PROVIDED MATERIAL: Begin

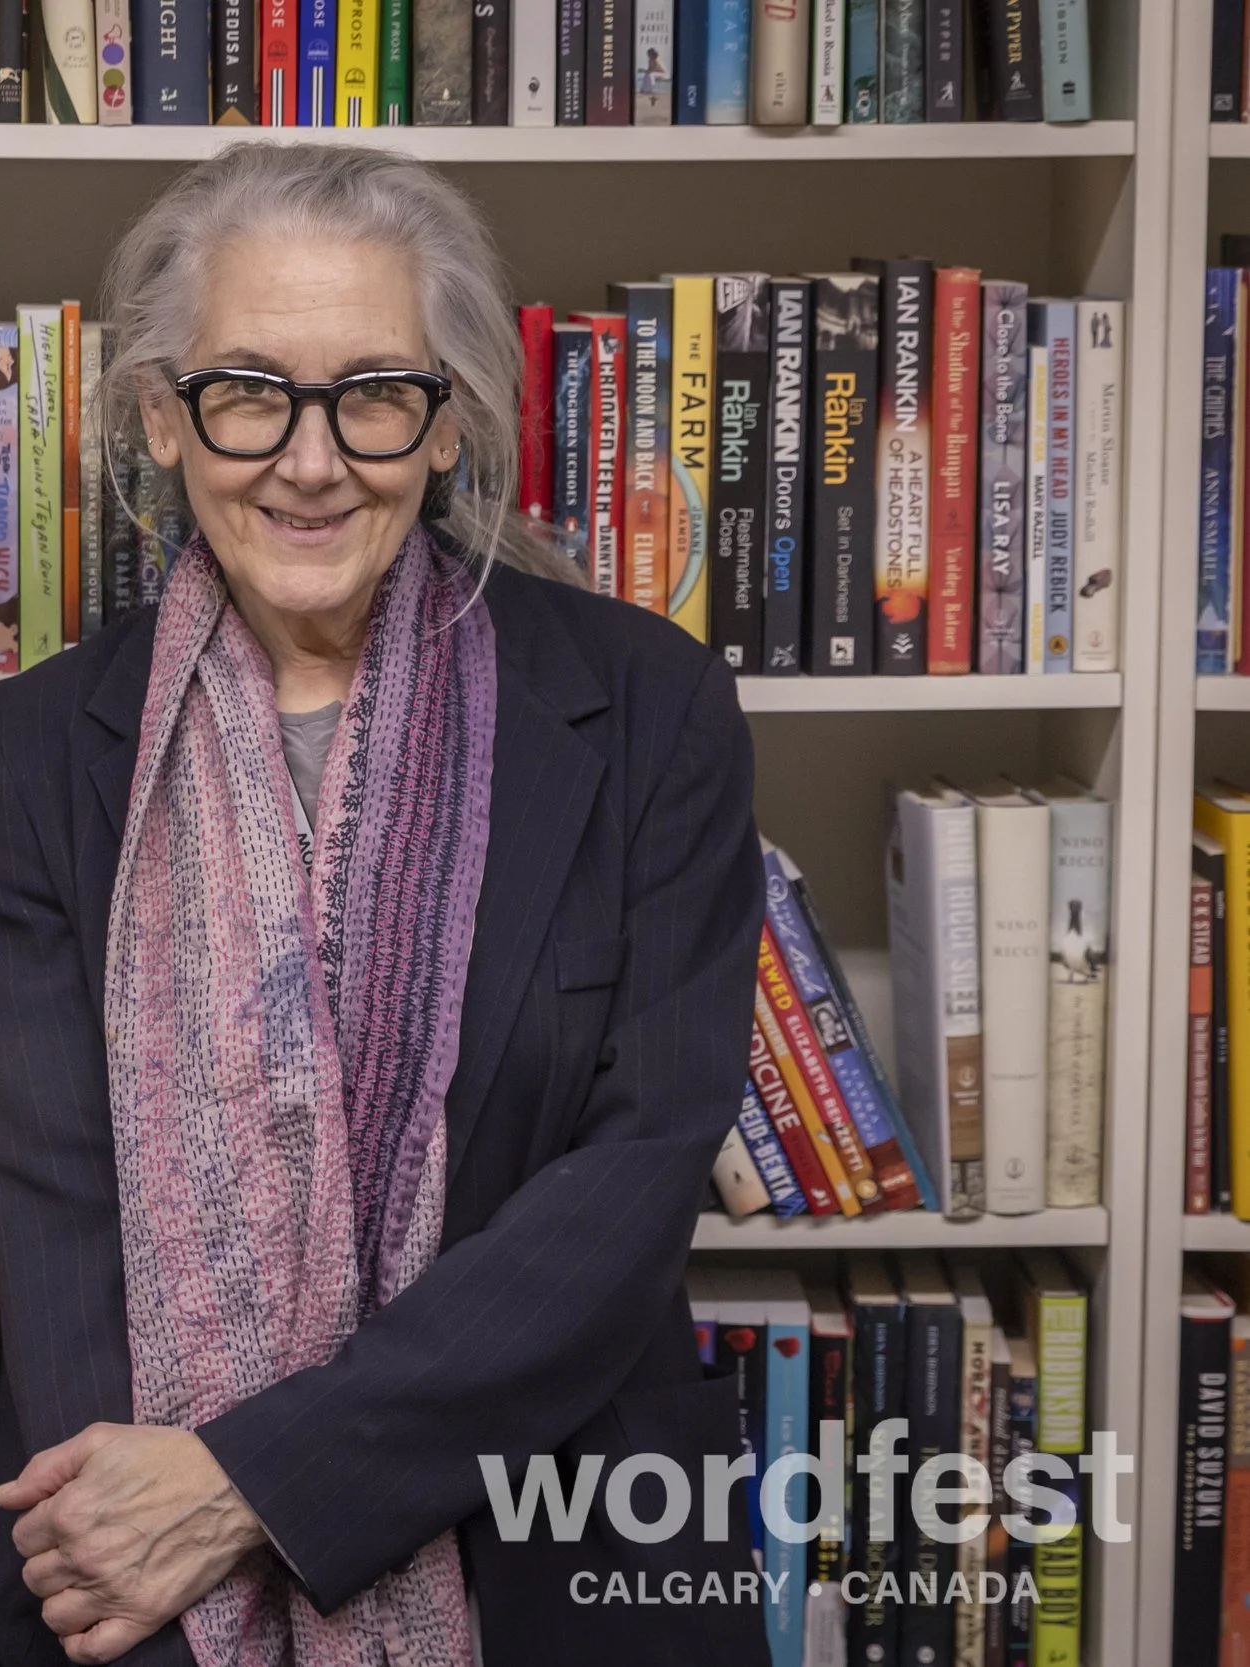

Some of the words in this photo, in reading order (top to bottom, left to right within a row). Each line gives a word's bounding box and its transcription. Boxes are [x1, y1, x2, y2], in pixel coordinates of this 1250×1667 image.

[349, 0, 363, 50] PROSE
[391, 23, 400, 62] PROSE
[1007, 7, 1023, 63] PYPER
[602, 34, 613, 79] MUSCLE
[778, 291, 802, 342] IAN
[898, 276, 919, 324] IAN
[636, 318, 657, 337] TO
[690, 334, 700, 360] THE
[636, 341, 657, 368] THE
[1053, 338, 1069, 400] HEROES
[636, 371, 657, 414] MOON
[775, 349, 801, 461] RANKIN
[896, 331, 918, 432] RANKIN
[599, 362, 617, 450] CROOKED
[681, 373, 706, 468] FARM
[743, 403, 760, 429] Ian
[824, 373, 855, 484] Rankin
[850, 398, 866, 425] Ian
[1052, 407, 1068, 421] IN
[635, 418, 656, 448] AND
[722, 380, 750, 481] Rankin
[889, 438, 904, 463] OF
[1052, 425, 1068, 449] MY
[635, 451, 655, 491] BACK
[909, 450, 923, 464] A
[1051, 453, 1068, 500] HEAD
[597, 459, 612, 513] TEETH
[775, 467, 796, 529] Doors
[908, 467, 923, 528] HEART
[994, 481, 1010, 529] LISA
[89, 464, 98, 560] BREAKWATER
[677, 509, 686, 553] RAMOS
[693, 507, 703, 556] JOANNE
[719, 509, 735, 557] Close
[838, 507, 852, 529] Set
[887, 467, 904, 589] HEADSTONES
[1051, 510, 1068, 550] JUDY
[737, 509, 754, 609] Fleshmarket
[769, 538, 795, 591] Open
[840, 534, 850, 548] in
[907, 533, 922, 577] FULL
[993, 532, 1009, 575] RAY
[837, 551, 851, 622] Darkness
[1050, 557, 1067, 613] REBICK
[298, 834, 313, 877] MO
[1059, 856, 1105, 868] RICCI
[1061, 837, 1104, 848] NINO
[786, 1015, 831, 1095] ELIZABETH
[822, 1097, 864, 1173] RENZETTI
[1042, 1332, 1084, 1447] ROBINSON
[1197, 1373, 1226, 1437] DAVID
[1196, 1447, 1224, 1527] SUZUKI
[1040, 1588, 1079, 1629] BOY
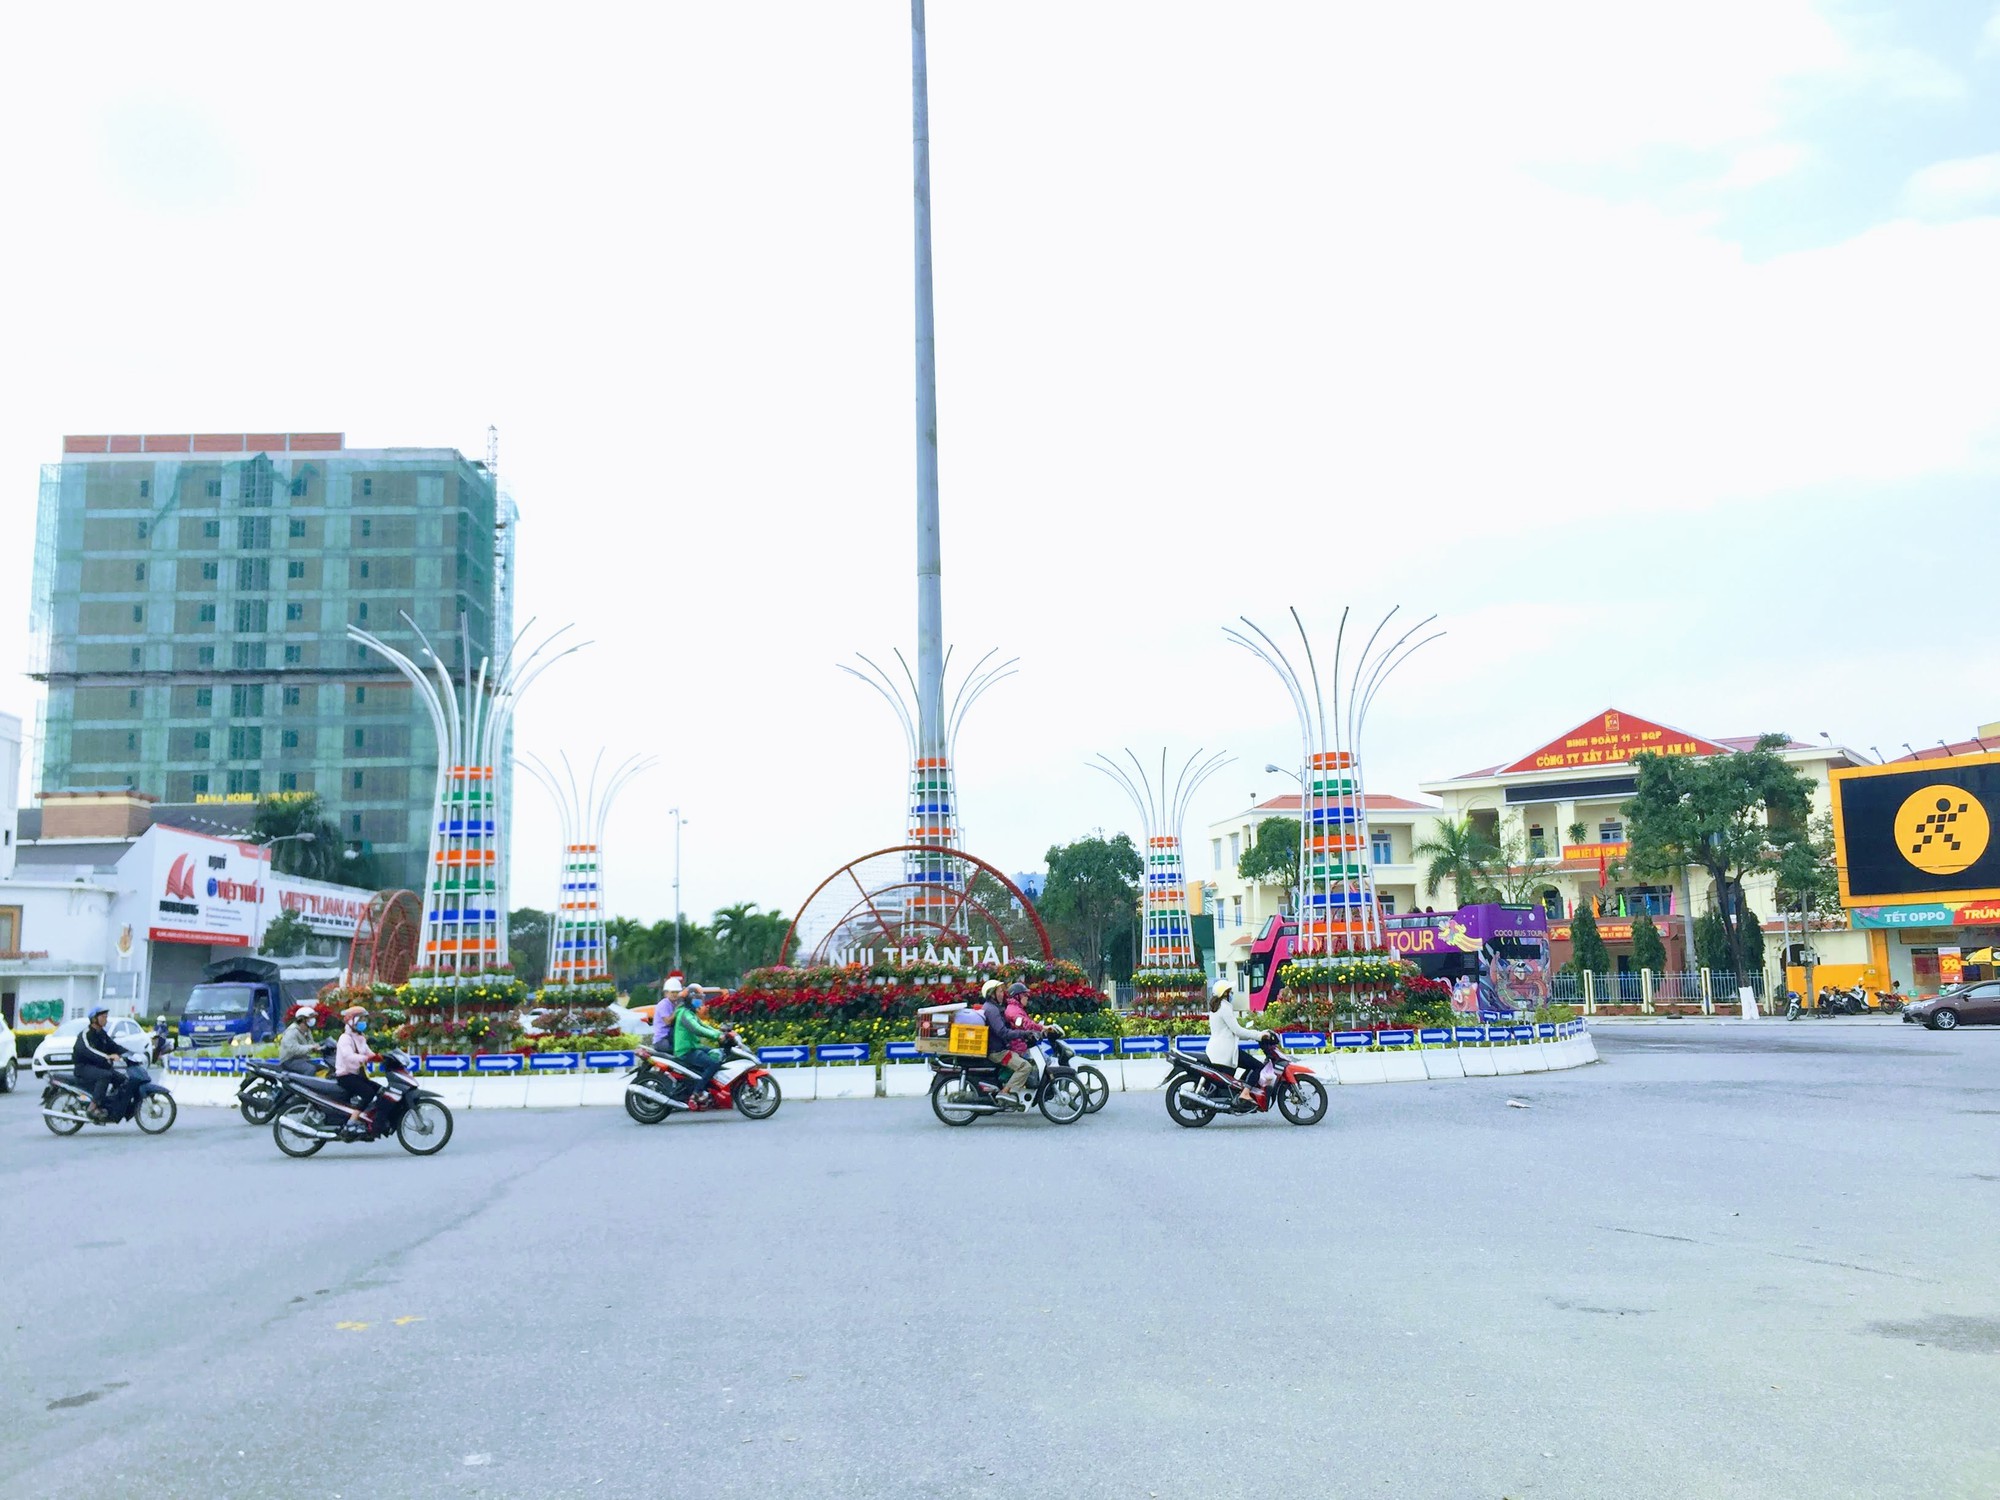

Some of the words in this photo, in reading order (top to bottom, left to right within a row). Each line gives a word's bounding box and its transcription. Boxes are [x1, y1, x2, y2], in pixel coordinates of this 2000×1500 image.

[1566, 738, 1588, 748] BINH
[1591, 732, 1618, 745] ĐOÀN
[1621, 733, 1631, 743] 11
[1641, 731, 1662, 741] BQP
[1536, 753, 1564, 767] CÔNG
[1566, 753, 1580, 764] TY
[1582, 749, 1602, 762] XÂY
[1606, 745, 1625, 760] LẮP
[1667, 744, 1682, 755] AN
[196, 793, 223, 804] DANA
[226, 792, 253, 802] HOME
[1884, 910, 1907, 922] TẾT
[1909, 911, 1945, 921] OPPO
[1387, 930, 1434, 952] TOUR
[1494, 929, 1513, 937] COCO
[1514, 929, 1526, 937] BUS
[1528, 929, 1544, 937] TOUR
[829, 943, 874, 967] NÚI
[967, 940, 1009, 966] TÀI

PROVIDED MATERIAL: End

- **PROBLEM DETAILS**
Please copy out the entries above exactly as they appear, but skip their images.

- **ANSWER SPACE**
Some of the words in this photo, in reading order (top to bottom, left to right within a row). Each line gives a word's bounding box and its transcription. Boxes are [x1, y1, x2, y2], in pixel coordinates of this 1250×1667 image.

[349, 0, 363, 50] PROSE
[391, 23, 400, 62] PROSE
[1007, 7, 1023, 63] PYPER
[602, 34, 613, 79] MUSCLE
[778, 291, 802, 342] IAN
[898, 276, 919, 324] IAN
[636, 318, 657, 337] TO
[690, 334, 700, 360] THE
[636, 341, 657, 368] THE
[1053, 338, 1069, 400] HEROES
[636, 371, 657, 414] MOON
[775, 349, 801, 461] RANKIN
[896, 331, 918, 432] RANKIN
[599, 362, 617, 450] CROOKED
[681, 373, 706, 468] FARM
[743, 403, 760, 429] Ian
[824, 373, 855, 484] Rankin
[850, 398, 866, 425] Ian
[1052, 407, 1068, 421] IN
[635, 418, 656, 448] AND
[722, 380, 750, 481] Rankin
[889, 438, 904, 463] OF
[1052, 425, 1068, 449] MY
[635, 451, 655, 491] BACK
[909, 450, 923, 464] A
[1051, 453, 1068, 500] HEAD
[597, 459, 612, 513] TEETH
[775, 467, 796, 529] Doors
[908, 467, 923, 528] HEART
[994, 481, 1010, 529] LISA
[89, 464, 98, 560] BREAKWATER
[677, 509, 686, 553] RAMOS
[693, 507, 703, 556] JOANNE
[719, 509, 735, 557] Close
[838, 507, 852, 529] Set
[887, 467, 904, 589] HEADSTONES
[1051, 510, 1068, 550] JUDY
[737, 509, 754, 609] Fleshmarket
[769, 538, 795, 591] Open
[840, 534, 850, 548] in
[907, 533, 922, 577] FULL
[993, 532, 1009, 575] RAY
[837, 551, 851, 622] Darkness
[1050, 557, 1067, 613] REBICK
[298, 834, 313, 877] MO
[1059, 856, 1105, 868] RICCI
[1061, 837, 1104, 848] NINO
[786, 1015, 831, 1095] ELIZABETH
[822, 1097, 864, 1173] RENZETTI
[1042, 1332, 1084, 1447] ROBINSON
[1197, 1373, 1226, 1437] DAVID
[1196, 1447, 1224, 1527] SUZUKI
[1040, 1588, 1079, 1629] BOY

Some of the words in this photo, in reading order (top to bottom, left to right within a row). Each line gives a word's bounding box and its transcription. Boxes are [x1, y1, x2, y2], in pixel coordinates of this 2000×1500 image.

[1566, 738, 1588, 748] BINH
[1591, 732, 1618, 745] ĐOÀN
[1621, 733, 1631, 743] 11
[1641, 731, 1662, 741] BQP
[1536, 753, 1564, 767] CÔNG
[1566, 753, 1580, 764] TY
[1582, 749, 1602, 762] XÂY
[1606, 745, 1625, 760] LẮP
[1667, 744, 1682, 755] AN
[196, 793, 223, 804] DANA
[226, 792, 253, 802] HOME
[1884, 910, 1907, 922] TẾT
[1909, 911, 1945, 921] OPPO
[1387, 930, 1434, 952] TOUR
[1494, 929, 1513, 937] COCO
[1514, 929, 1526, 937] BUS
[1528, 929, 1544, 937] TOUR
[829, 943, 874, 967] NÚI
[967, 940, 1009, 966] TÀI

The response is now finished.